For many dog owners, the your pet’s ability to understand words As ‘ball’, ‘Paseo’ or ‘Chuche’ is a reason for astonishment. But now what dogs can understand a new leap, to move on to compression that goes beyond associating a sound with a specific object. Something that A study Published in Current Biology, it has seen in after its investigation, where they have concluded that dogs can have communication capacities so far reserved for humans.
The investigation. The study has been led by Claudia fleet An exceptional group of dogs known as ‘Gifted Word Learner’.
Some dogs that are not common at all, since they have an extraordinary talent to learn the names of the objects, with vocabularies ranging from 29 to more than 200 words, one, enables that allows them to learn names of objects quickly in playful interactions with their owners.
Learning the rules. To find out if dogs can go beyond simple visual recognition, the researchers designed an ingenious four -phase experiment. The first one focuses on dogs learning what they will have to do. To do this, the owners taught their dogs two verbal labels for two toys groups.
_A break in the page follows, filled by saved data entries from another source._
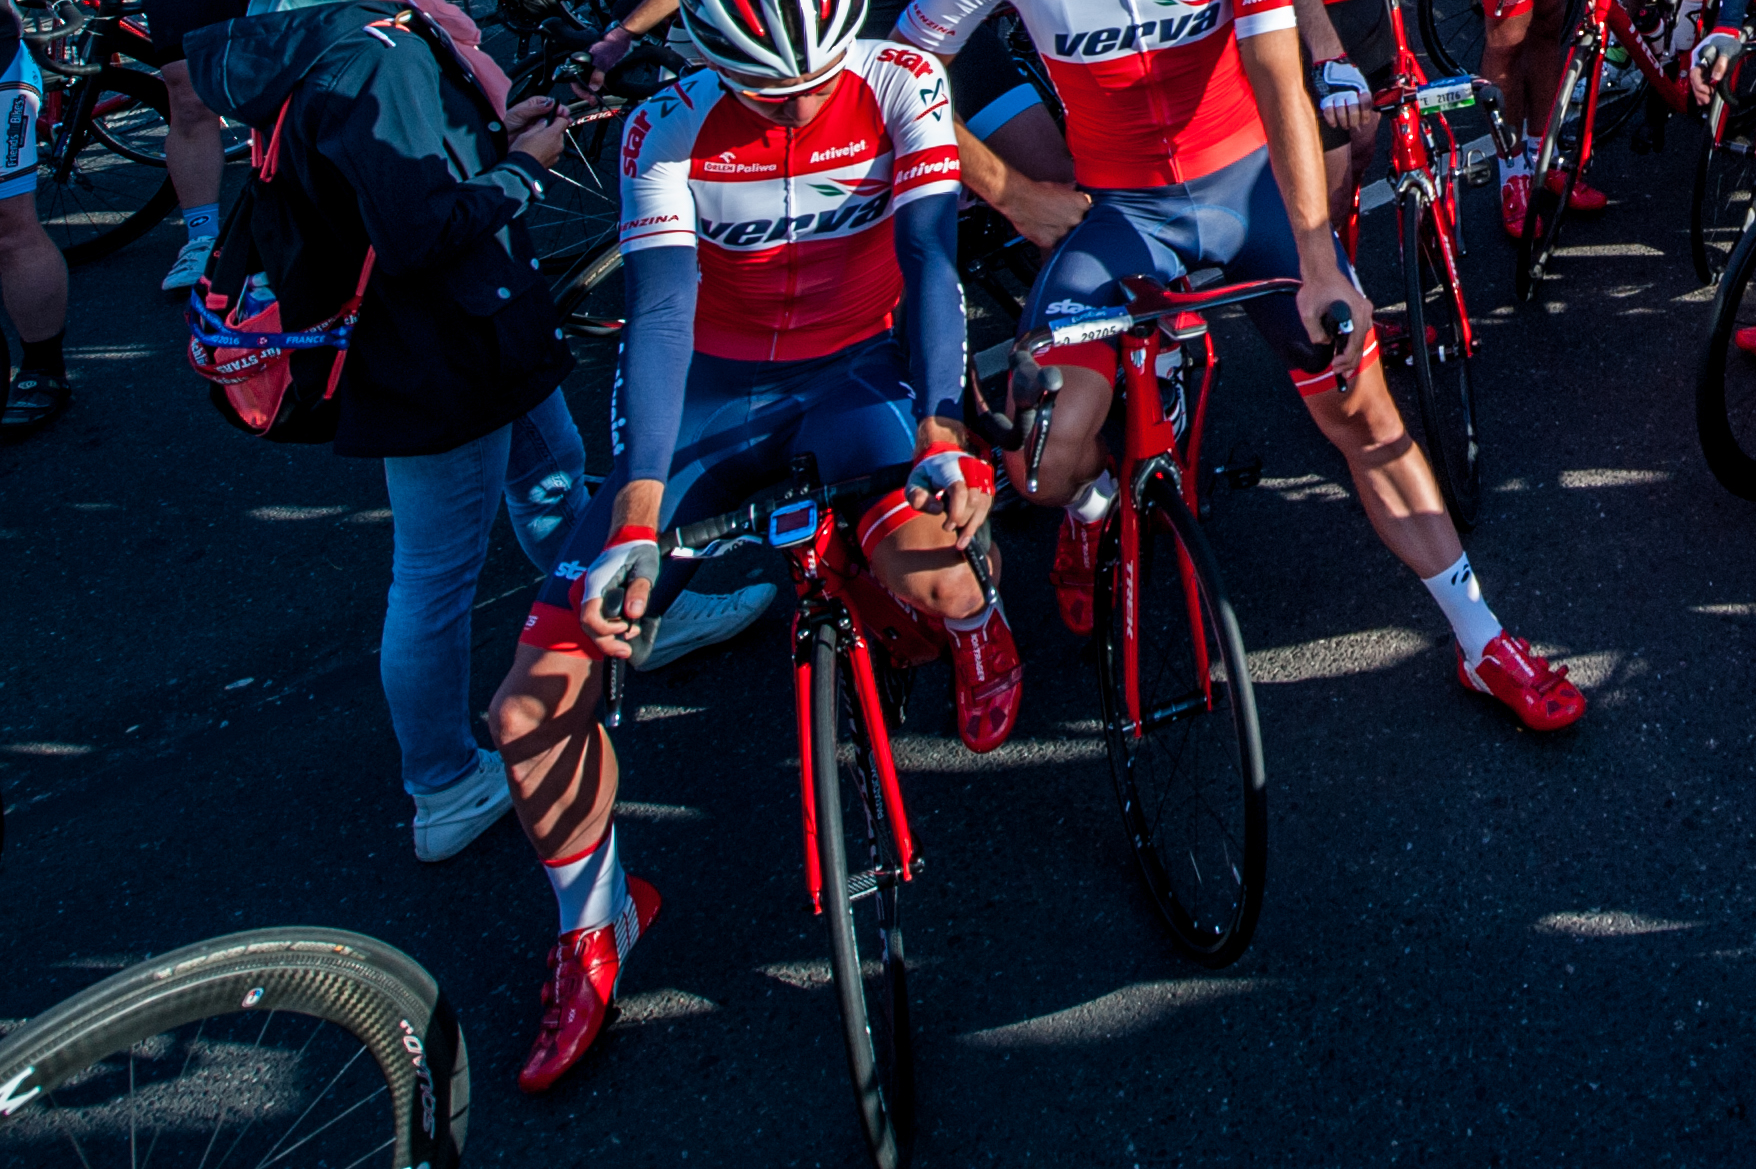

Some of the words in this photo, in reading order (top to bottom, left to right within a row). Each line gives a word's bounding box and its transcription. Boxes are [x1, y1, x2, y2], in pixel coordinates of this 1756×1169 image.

[1054, 3, 1221, 58] verva
[877, 47, 935, 80] star
[1437, 91, 1461, 103] 21776
[623, 109, 652, 179] star
[809, 139, 867, 163] Activejet
[736, 162, 777, 174] Paliwa
[700, 189, 892, 248] verva
[285, 334, 326, 345] FRANCE
[1126, 559, 1135, 641] TREK
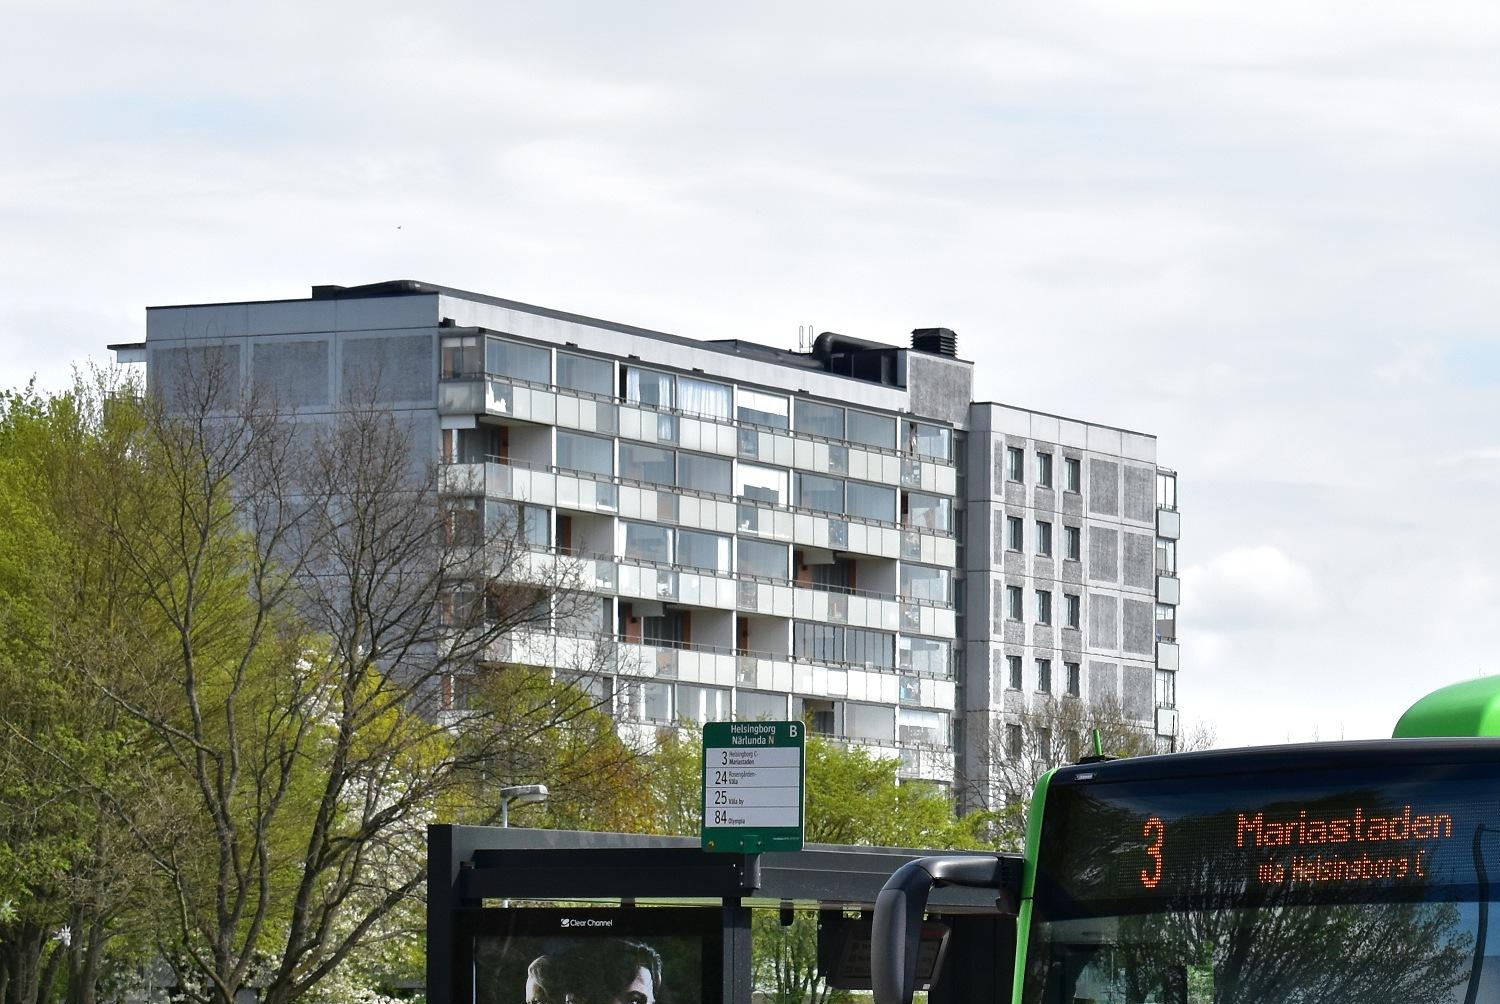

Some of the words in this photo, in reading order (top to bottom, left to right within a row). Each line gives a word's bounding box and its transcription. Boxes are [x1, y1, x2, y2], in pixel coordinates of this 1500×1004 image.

[731, 725, 776, 735] Helsingborg
[789, 725, 798, 737] B
[732, 736, 766, 745] Närlunda
[768, 736, 775, 745] N
[721, 751, 728, 766] 3
[715, 770, 728, 785] 24
[714, 790, 727, 805] 25
[714, 810, 727, 824] 84
[1237, 804, 1453, 847] Mariastaden
[1141, 816, 1164, 889] 3
[570, 919, 586, 927] Clear
[587, 919, 613, 927] Channel
For example, a set of four objects were assigned the ‘throw’ label and the only interaction was the game of the strip and loosen.
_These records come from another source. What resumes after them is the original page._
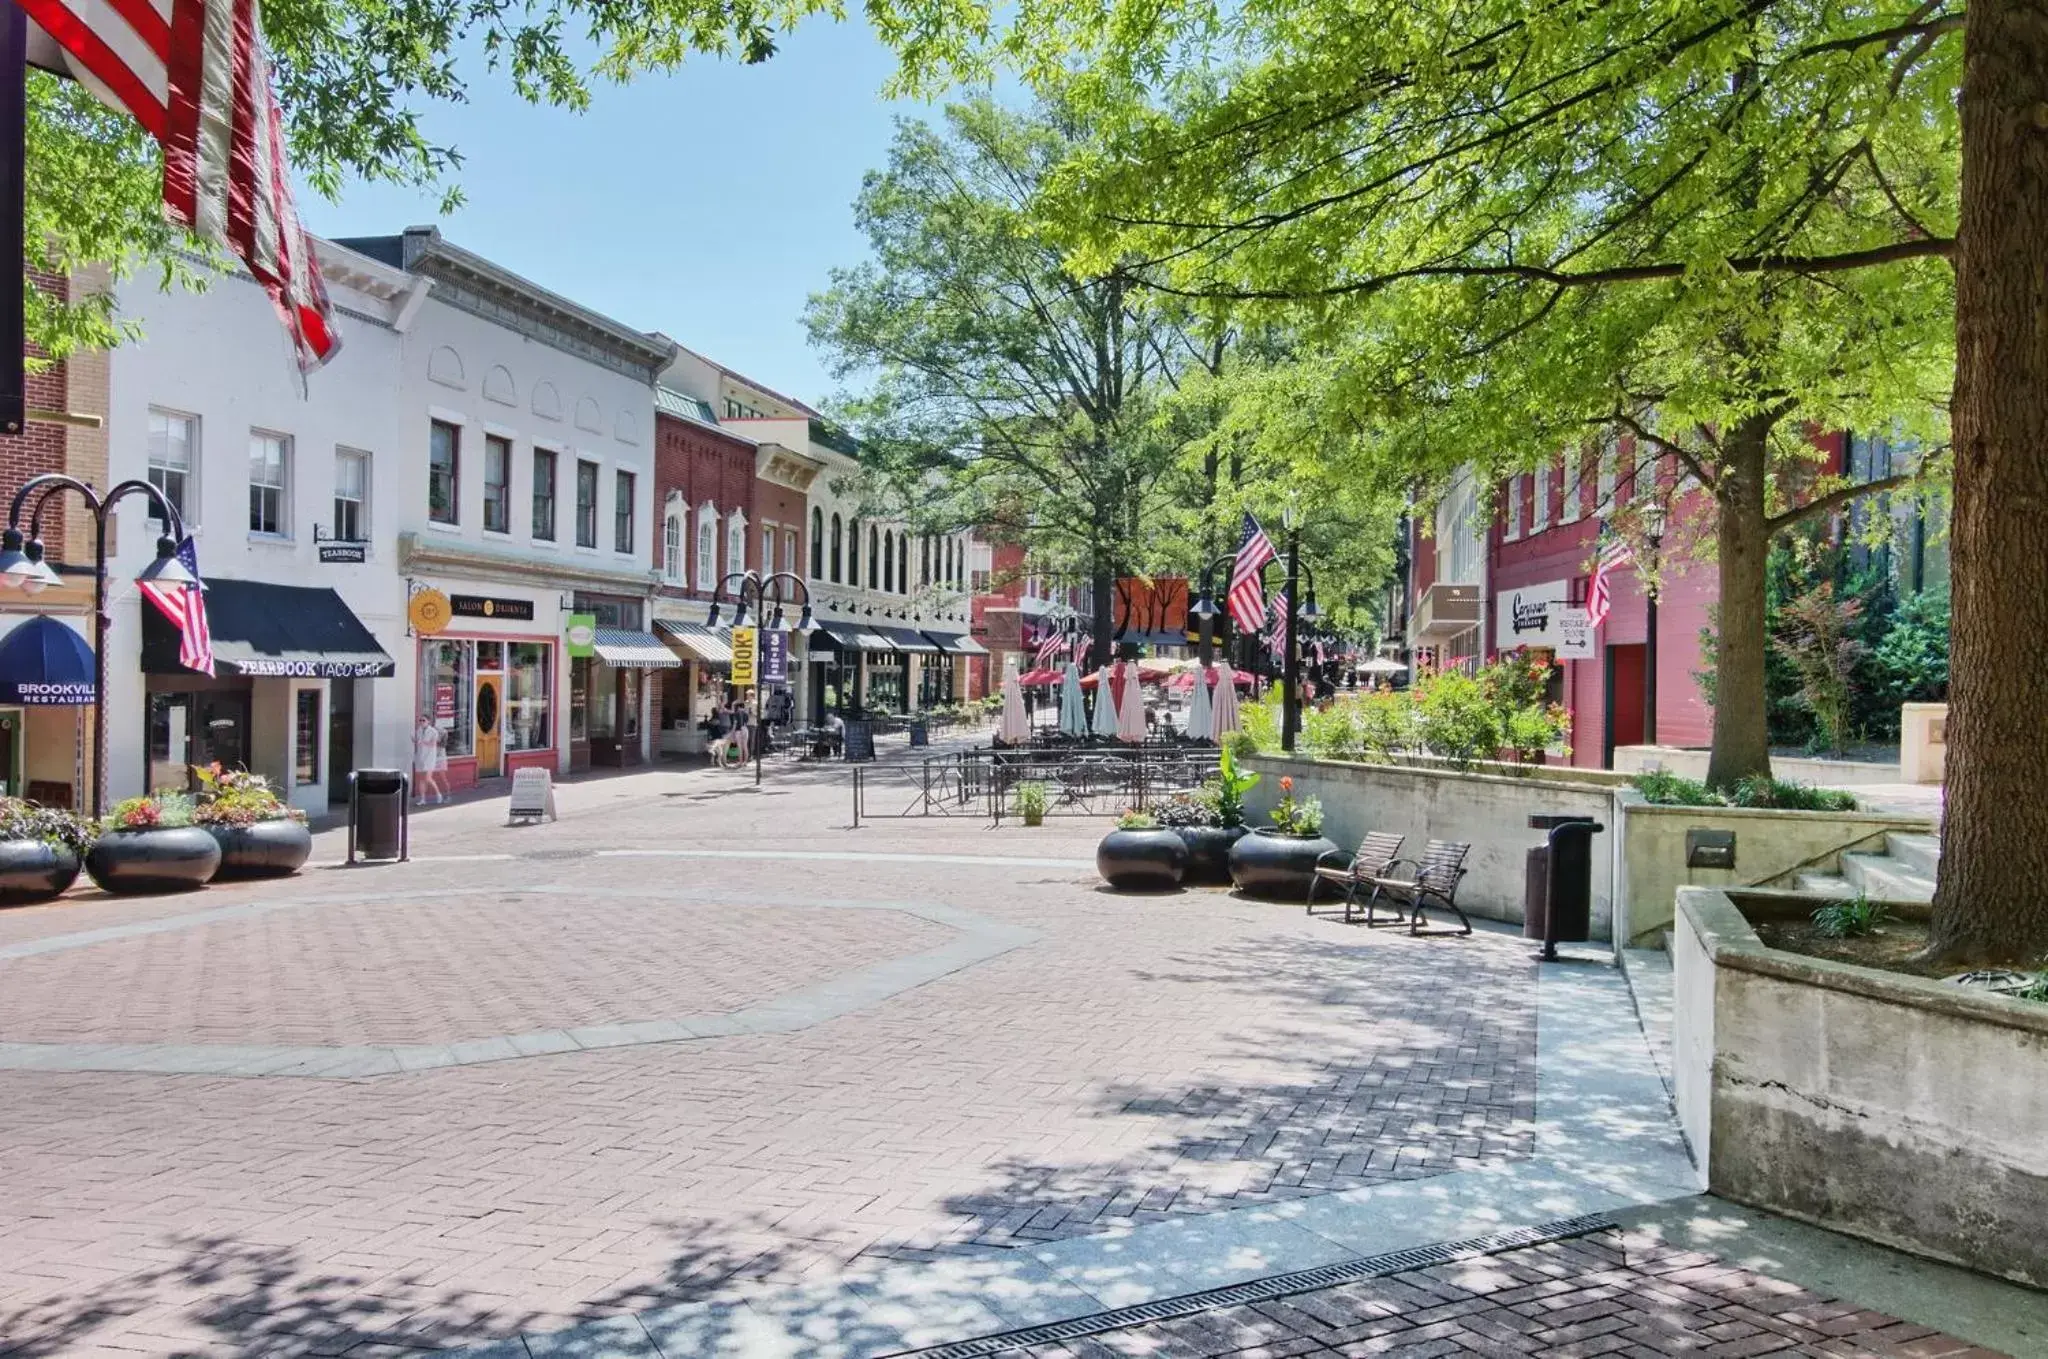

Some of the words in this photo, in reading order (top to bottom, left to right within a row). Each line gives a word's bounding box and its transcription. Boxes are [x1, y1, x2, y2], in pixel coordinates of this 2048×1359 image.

[239, 660, 316, 676] YEARBOOK
[321, 661, 351, 677] TACO
[355, 663, 380, 676] BAR
[18, 683, 96, 694] BROOKVILL
[23, 695, 95, 703] RESTAURAN
Another set of four toys was given the “launch” label, and with them it was only played to throw them so that the dog would bring them. The crucial thing in this case is that toys within each category did not share any systematic physical characteristic. The only thing in common was the label and the way of playing with them.
The exam. The second phase was to verify if the dogs had come to understand well the rules that had been previously taught. Eight dogs exceeded the test successfully, recovering the right toy with at least 12 of 16 attempts.
New toys. The third phase was undoubtedly fundamental and is the ‘kit’ of the matter. Here the owners introduced completely new toys for dogs and for a week they played with them in the two ways already established above but with a very strict rule: verbal labels of ‘throw’ or ‘launch’ could not be used. The dogs only experienced the role of the toy, without anyone saying their name or for what they were using it.
The fire test. Once all these phases were made, only these new toys were left (with which he had played without appointing it) with other family toys. The owner from another room not to give visual clues asked the dog ‘bring me a’ throw/throw ‘. The dog at that time had to deduce which new toy the owner referred to with this instruction, based solely on the function he had previously experienced with him.


Results. The dogs selected the correct new toy, the one with which they had played in the manner corresponding to the label, with a frequency well above chance. On an average of 48 attempts, the dogs hit 31 times.
This clearly demonstrates that dogs were not limited to learning the names of individual objects. Instead, they created two “mental categories” based on the function of objects: one for ‘throw’ toys and another for ‘launch’. When they met a new and nameless toy, they were able to assign it to the correct category based on the use that was given.
This ability to generalize a label to functionally similar objects, ignoring appearance differences, is a fundamental pillar of language development in children. In fact, this ability emerges in young and preschool children, who learn to understand that both a ceramic cup and a plastic glass belong to the ‘glass’ category because both serve to drink.
The importance. This study is pioneer especially to demonstrate that a non -linguistic species can perform a functional classification linked to the learning of verbal labels, and does so in a naturalistic game context and without having to undergo a lot of repetitions in a laboratory environment.
Until now you could think that dogs worked through perception, but this study comes to change this idea we had. In this case, the fact that animals classify the world mainly by perceptible characteristics such as shape or color is challenged. These dogs were based on the ‘planned utility’ of the object.
In this way, GWL dogs are emerging as an unprecedented animal model to investigate cognition precursors related to language in ecologically valid conditions, offering parallels with child learning.
Open a door. The authors themselves point out that this ability is, for now, exclusive to these “gifted” dogs and should not be generalized to the entire canine population. However, it opens the door to investigate whether this capacity is latent in other dogs and what cognitive mechanisms support it.